Instructions to follow
Please copy every record below exactly, leaving out the pictures.

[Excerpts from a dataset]
»»

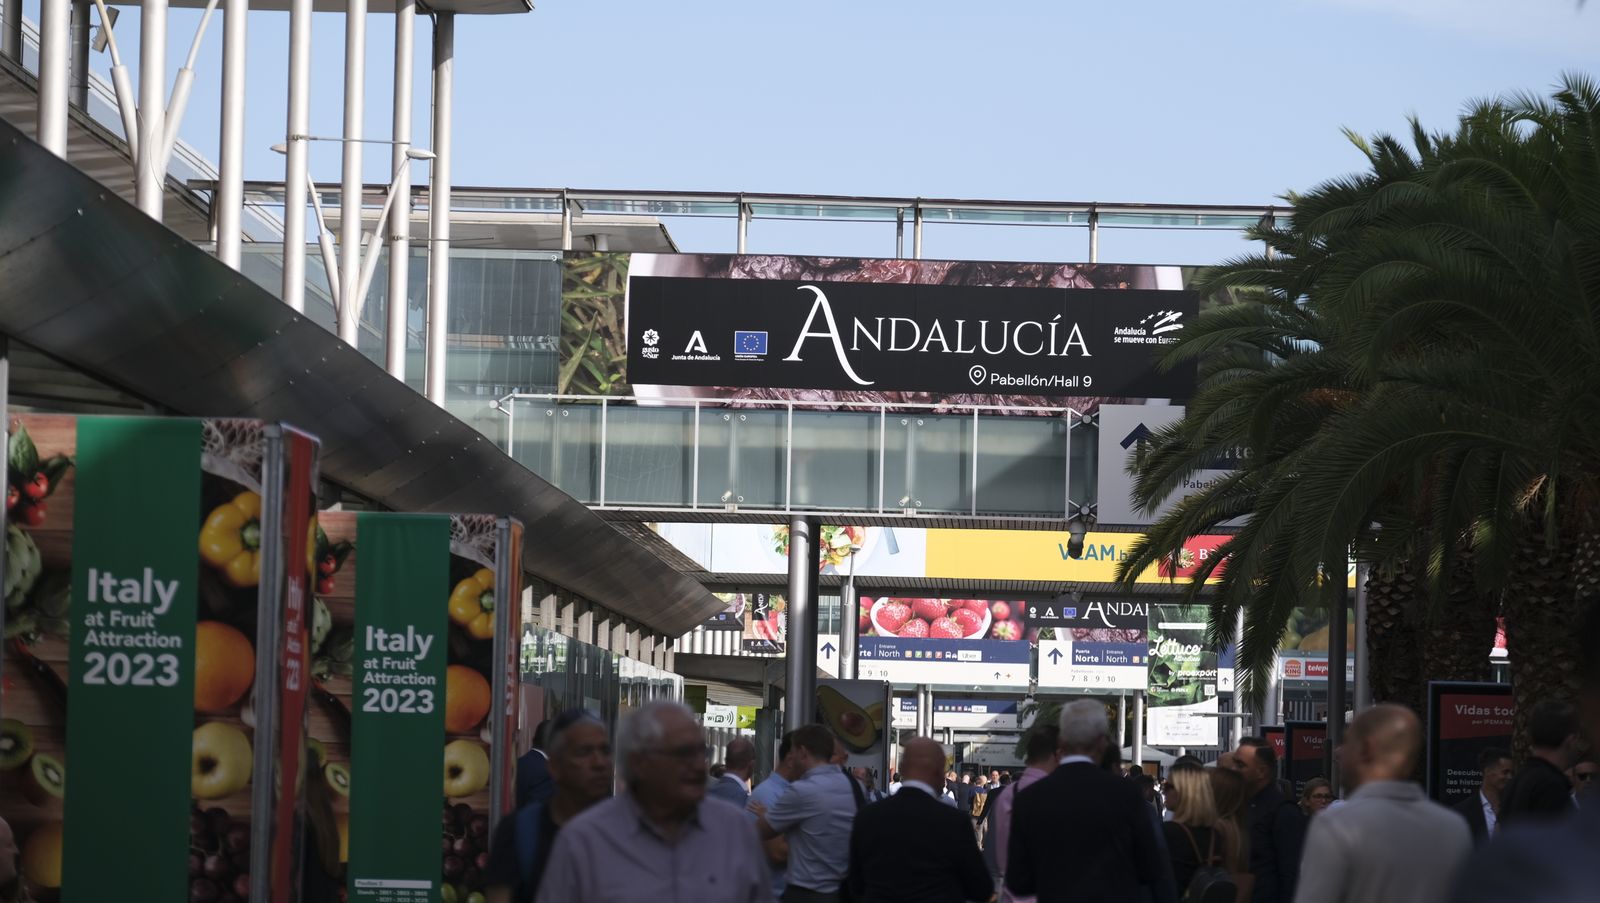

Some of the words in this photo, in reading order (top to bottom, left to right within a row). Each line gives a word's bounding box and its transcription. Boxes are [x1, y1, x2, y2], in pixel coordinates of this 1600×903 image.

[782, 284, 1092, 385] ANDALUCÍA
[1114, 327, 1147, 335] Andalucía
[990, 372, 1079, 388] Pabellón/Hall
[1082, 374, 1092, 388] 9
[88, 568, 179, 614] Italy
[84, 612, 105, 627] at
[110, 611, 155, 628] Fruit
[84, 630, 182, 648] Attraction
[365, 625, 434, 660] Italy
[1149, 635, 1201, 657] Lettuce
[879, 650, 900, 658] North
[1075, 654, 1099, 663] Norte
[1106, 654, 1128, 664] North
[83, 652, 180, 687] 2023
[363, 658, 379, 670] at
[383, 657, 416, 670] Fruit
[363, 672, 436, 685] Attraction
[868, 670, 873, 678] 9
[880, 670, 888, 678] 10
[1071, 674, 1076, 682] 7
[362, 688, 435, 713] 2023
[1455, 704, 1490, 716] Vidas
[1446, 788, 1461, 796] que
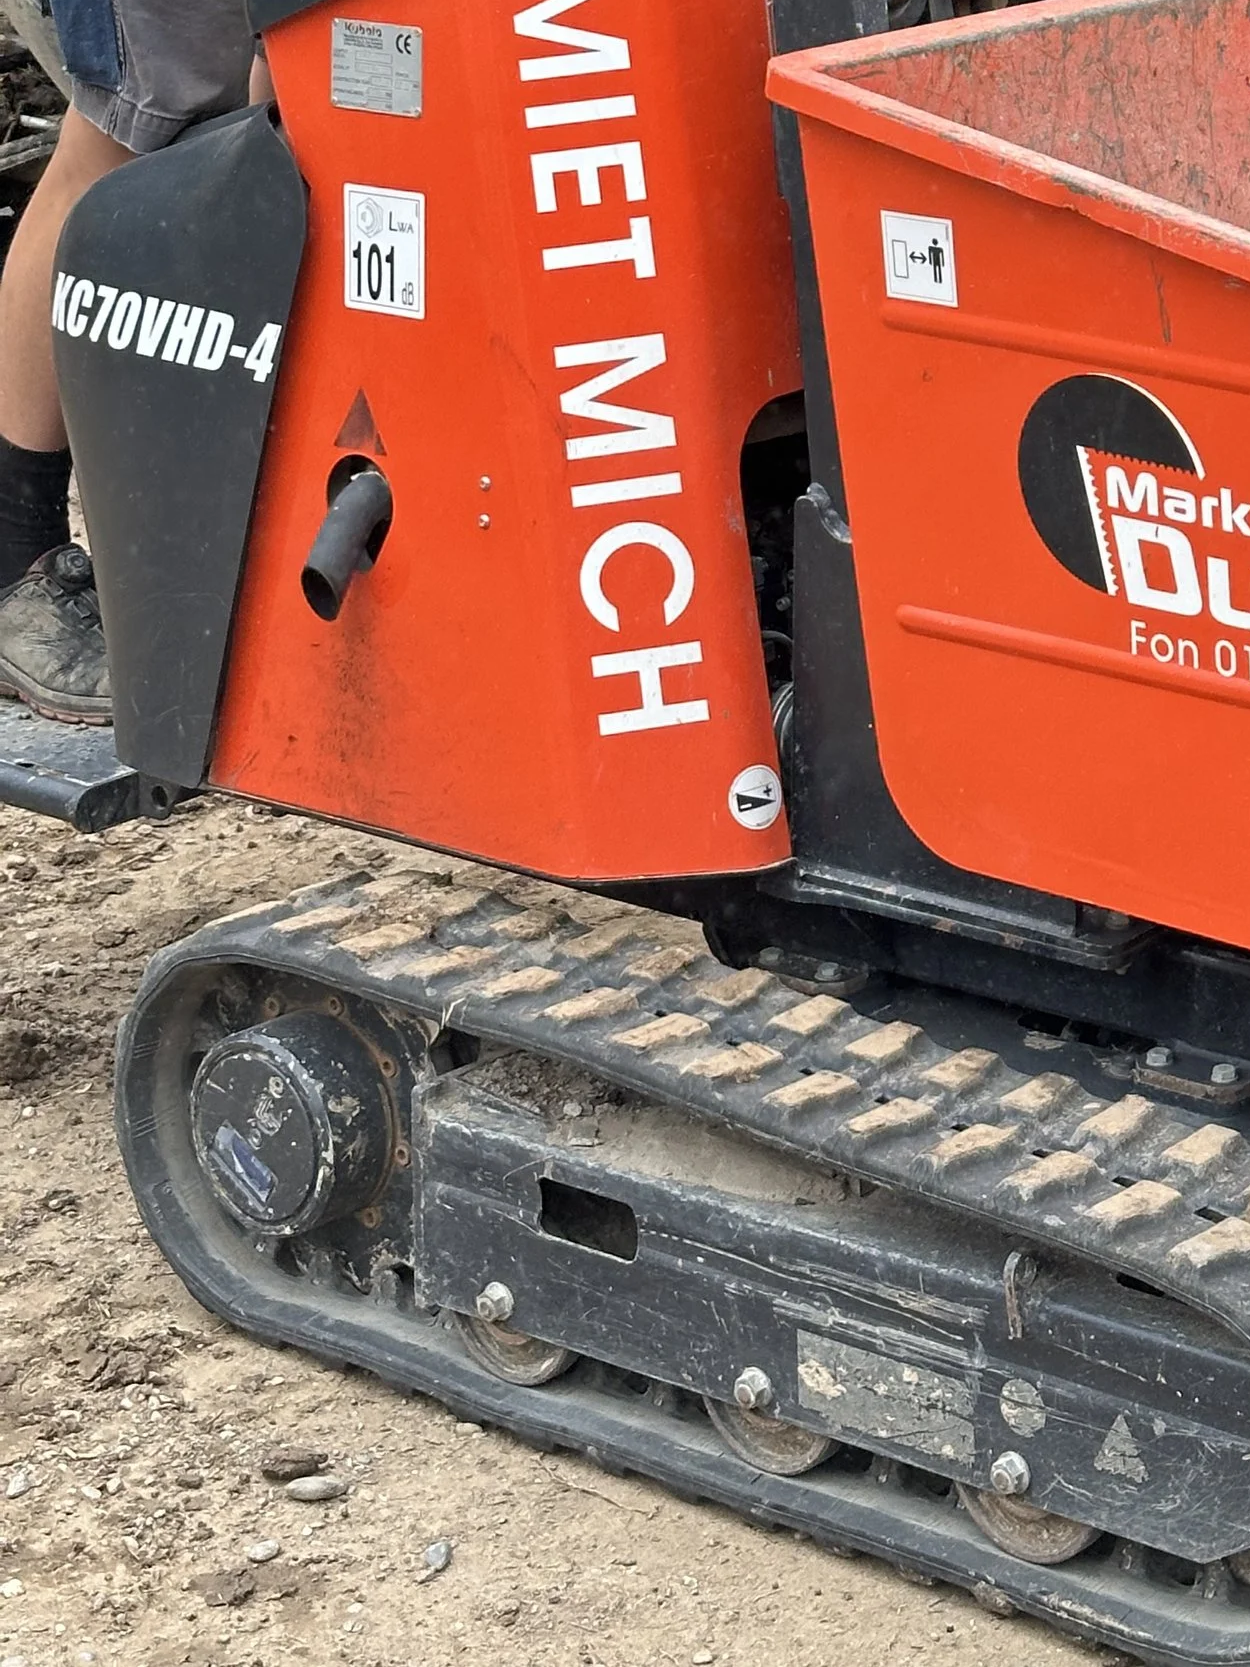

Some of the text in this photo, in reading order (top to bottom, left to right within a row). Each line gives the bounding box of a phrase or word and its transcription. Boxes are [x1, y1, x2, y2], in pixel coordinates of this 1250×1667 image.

««

Result for this exercise
Some of the words in this photo, in reading order (top to bottom, left to right within a row). Each line gives a word's bounding box and its transcription. Boxes are [x1, y1, x2, y2], in pixel coordinates of this 1600×903 image.

[782, 284, 1092, 385] ANDALUCÍA
[1114, 327, 1147, 335] Andalucía
[990, 372, 1079, 388] Pabellón/Hall
[1082, 374, 1092, 388] 9
[88, 568, 179, 614] Italy
[84, 612, 105, 627] at
[110, 611, 155, 628] Fruit
[84, 630, 182, 648] Attraction
[365, 625, 434, 660] Italy
[1149, 635, 1201, 657] Lettuce
[879, 650, 900, 658] North
[1075, 654, 1099, 663] Norte
[1106, 654, 1128, 664] North
[83, 652, 180, 687] 2023
[363, 658, 379, 670] at
[383, 657, 416, 670] Fruit
[363, 672, 436, 685] Attraction
[868, 670, 873, 678] 9
[880, 670, 888, 678] 10
[1071, 674, 1076, 682] 7
[362, 688, 435, 713] 2023
[1455, 704, 1490, 716] Vidas
[1446, 788, 1461, 796] que

Some of the text in this photo, in reading order (top to bottom, left to right within a row). Each line gives the bounding box of a phrase or word and its transcription. Boxes are [x1, y1, x2, y2], in pixel coordinates of this 1250×1667 image.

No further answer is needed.